Thirsty for more SDG lesson plans as summer fast approaches? This blog post will focus on Sustainable Development Goal 6, and two lessons that address water use and management in the face of our growing population.

SDG 6 states that all participating nations will ensure availability and sustainable management of water and sanitation for all. Today’s lessons Water, Water Everywhere, and Who Polluted the Potomac? spotlight water availability and use on our blue planet. Read on for more information!

 

1) Water, Water Everywhere – This lesson actually comes in two versions – one for middle/high school grades, and one for elementary. In the activity, students reflect on how, despite the seeming abundance of water on our planet, only a very small fraction of Earth’s total water is freshwater readily available for human consumption. For science teachers who are interested in linking more standards, this lesson is also tied to NGSS.

Content areas: Conducting this lesson will meet content standards in:
Environmental Science, Math, Social Studies

Skills: Through this lesson, students will be able to:
-Differentiate between the different types of water available on our planet
-Understand aspects of a shared natural resource, such as availability and distribution.
-Estimate the amount of resources they use and compare that figure to actual use.
-Design a graph to show current resource use and use after conservation measures have been taken.

Learning strategies: This lesson utilizes multiple learning styles including:
Estimation, graphing, mathematics calculation, observation, research, writing

 

2) Who Polluted the Potomac? – This is one of our most popular lessons. Students participate in an interactive story describing the history of the Potomac River and the city that grew along its banks. The teacher will read aloud from the provided text, and students will play characters who contribute pollutants and other products to the river as the population grows over time. Together, students will investigate how actions we may believe only impact ourselves, might actually have deeper or indirect consequences.

Like Water, Water, Everywhere, this lesson has versions suitable for lower elementary, middle grades, and high-school aged students.

*The lower elementary version is called Who Polluted the River? The lesson plan includes a shorter, simpler interactive story text and fewer characters. We also provide character nametags and cards, and suggest a modification wherein you can add a ‘fish’ to the river to more specifically demonstrate how pollution affects wildlife.

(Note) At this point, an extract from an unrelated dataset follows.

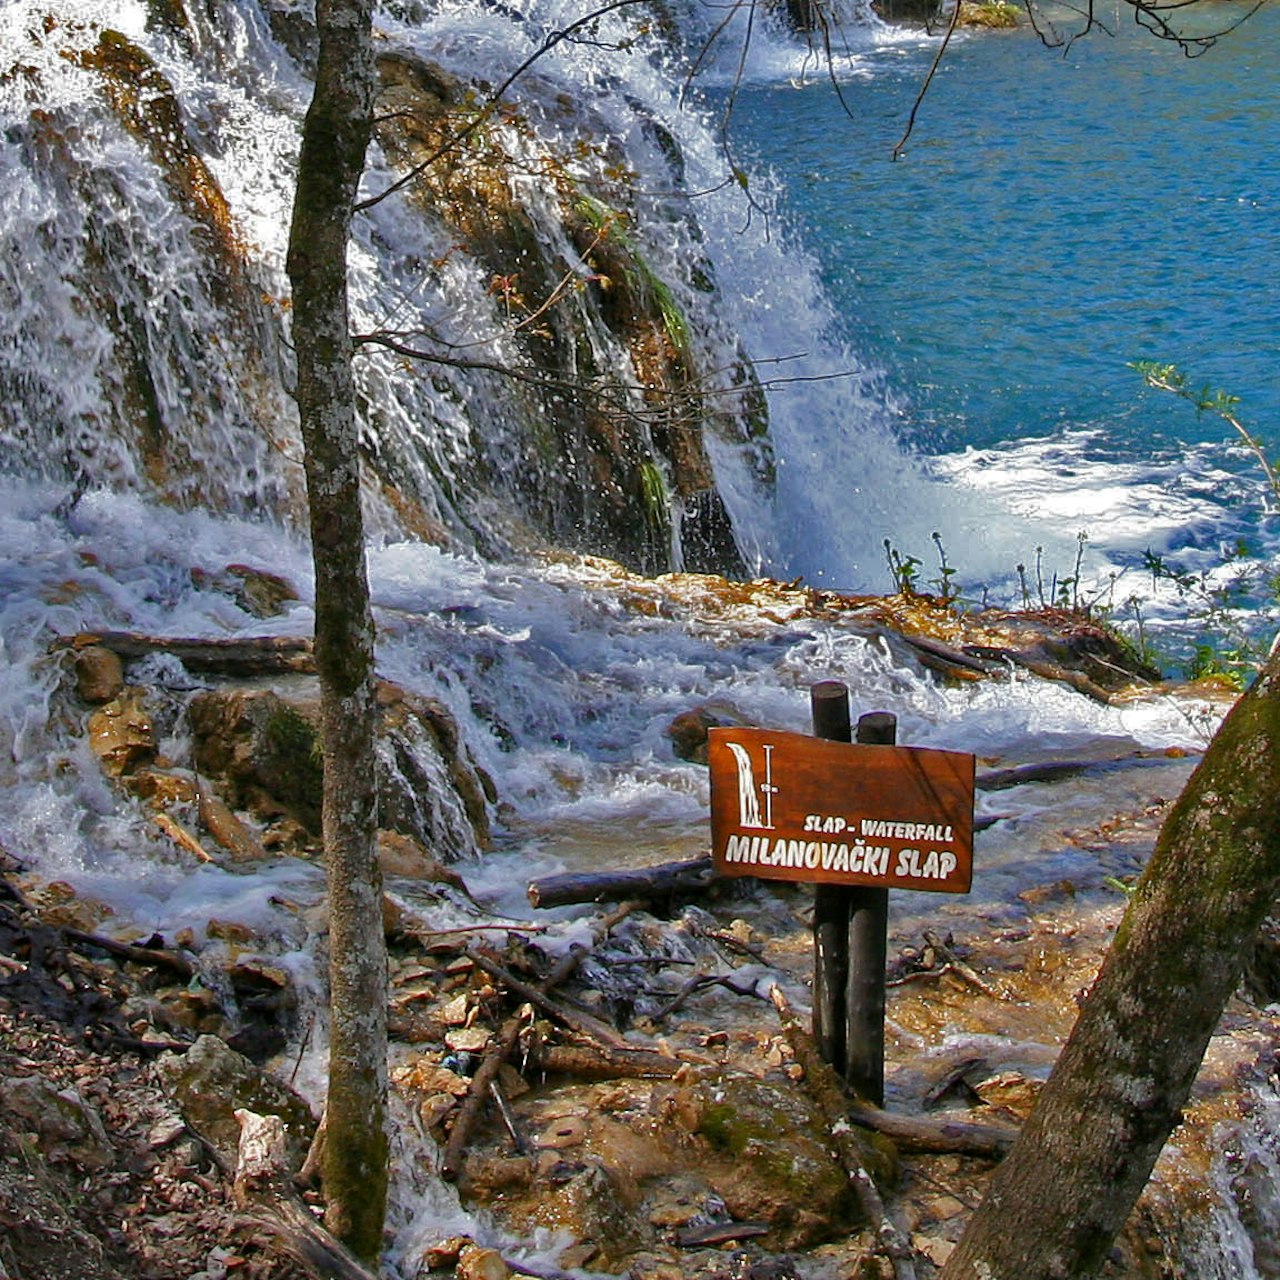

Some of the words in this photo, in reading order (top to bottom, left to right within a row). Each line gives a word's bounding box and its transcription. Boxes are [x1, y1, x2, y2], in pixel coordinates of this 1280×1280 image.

*The high school version is called Code Blue: Endangered Oceans and focuses on ocean health, how global population growth has an effect on natural resources, and the difficulties of managing an international commodity. This lesson plan includes a more complex, interactive story which features more characters and deeper descriptions of the chemical and physical interactions resulting from population growth and increased pollution. Topics discussed include: oil spills, ocean acidification, coral bleaching, and more.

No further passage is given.